The 2015 founded company which is into the sales of digital cameras meant to record events related to plastic surgeries in dermatology clinics has issued a public apology yesterday to all those patients of its 170 clinics operating in over 35 countries.

NextMotion from France also offers software for facial analysis and documentation procedures for the treatments carried out in its clientele databases. It is known to keep a tab of digital consent forms, treatment reports, quotes and the billing details on cloud-based databases- and this where the trouble started.

Due to misconfiguration error, researchers from vpnMentor have discovered that many sensitive images of plastic surgery patients uploaded from the medical devices and software were accessed fraudulently by hackers.

News is out that hackers could have gained access to over 900,000 images from Amazon Web Services S3 bucket which might have exposed details such as patients’ private parts.

NextMotion has given a brief clarification on its website that data related to patients such as names, birth dates, and contacts and surgery history is stored on a separate database whereas the photos and video evidence were stored on the media database.
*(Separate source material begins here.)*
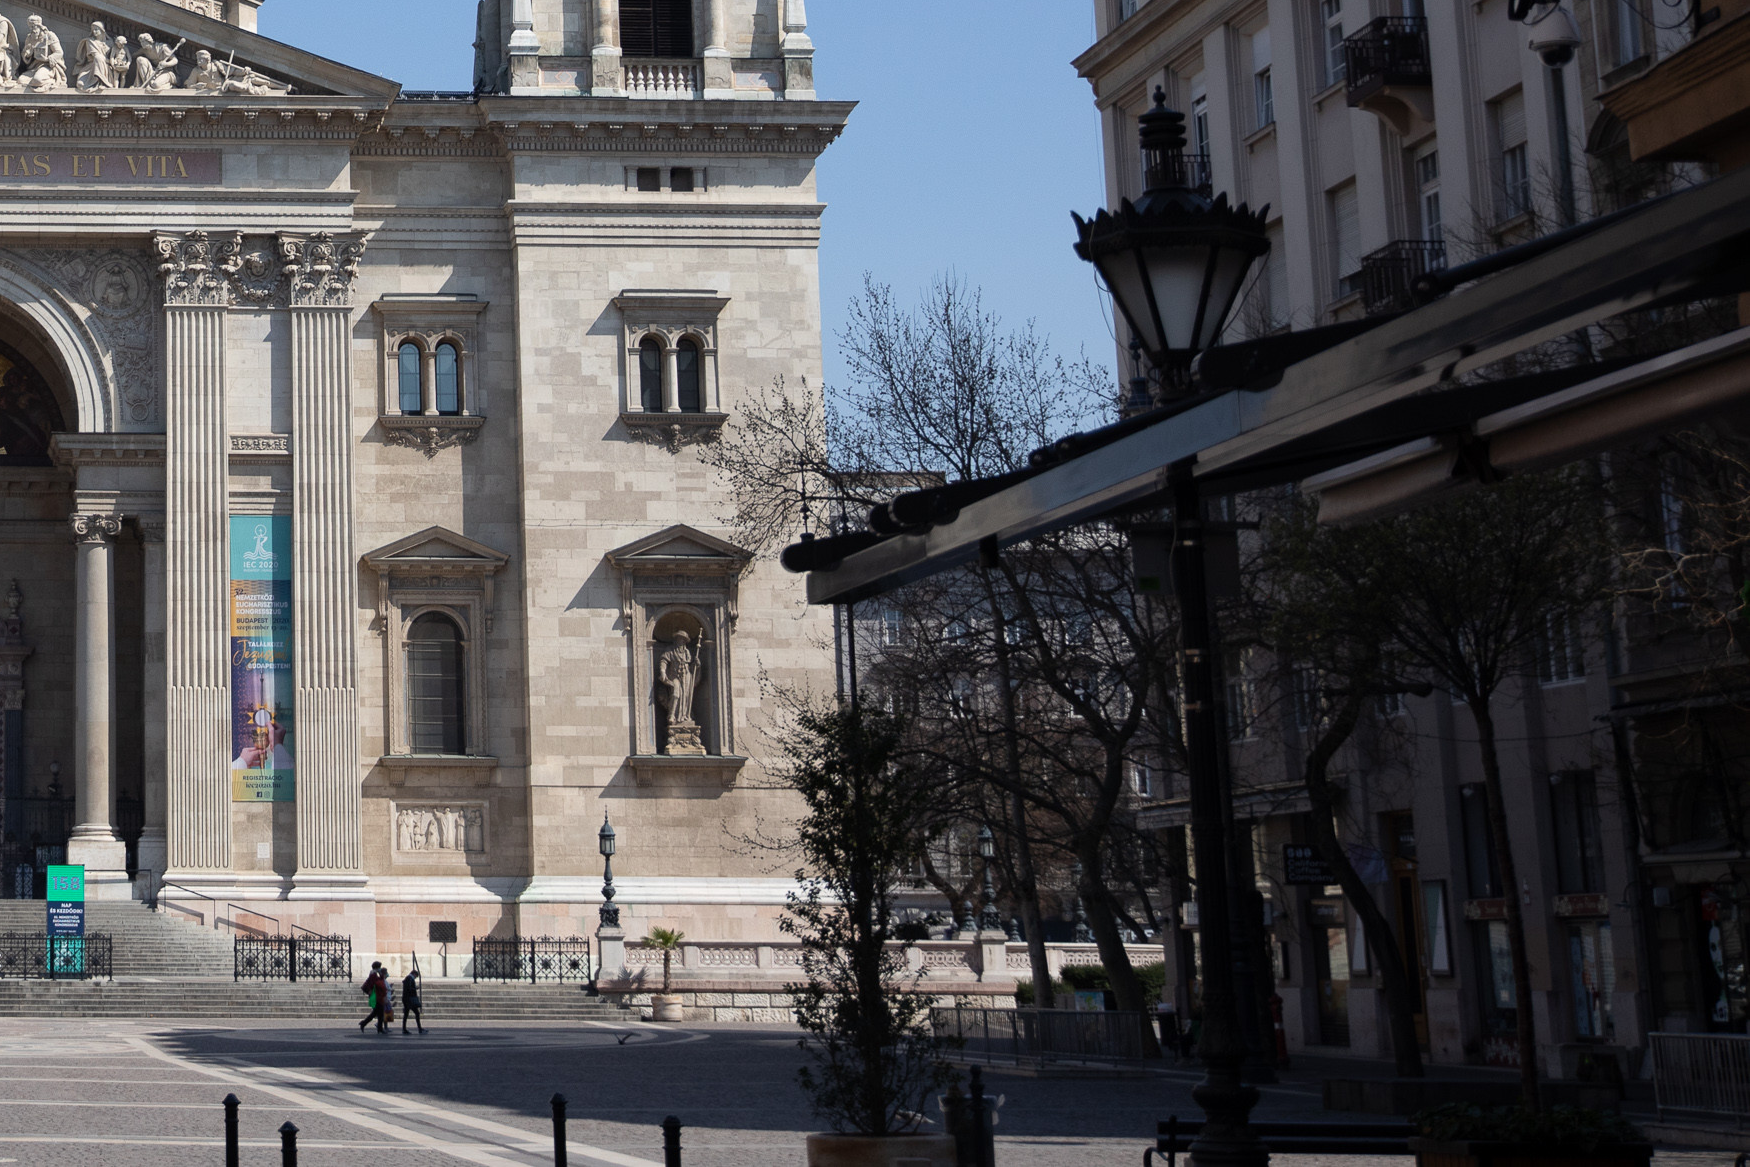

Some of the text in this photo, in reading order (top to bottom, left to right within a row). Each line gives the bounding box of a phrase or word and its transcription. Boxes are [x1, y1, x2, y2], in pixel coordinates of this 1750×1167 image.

[71, 154, 106, 177] ET
[125, 155, 189, 178] VITA
[52, 876, 80, 890] 158
The authorities at the healthcare have mentioned in the statement that only details from the media database might get exposed to hackers- if at all they accessed the database due to the misconfiguration error.

The healthcare has also further disclosed in its statement that it has been storing patient records as per the regulations prevailing in the country such as HIPAA, GDPR, ISO and suchā€¦

As the database was named after the company, it became easy for vpnMentor researchers to contact the company about the possible data breach. And the NextMotion officials reacted on February 5th, 2020 by taking down the database offline.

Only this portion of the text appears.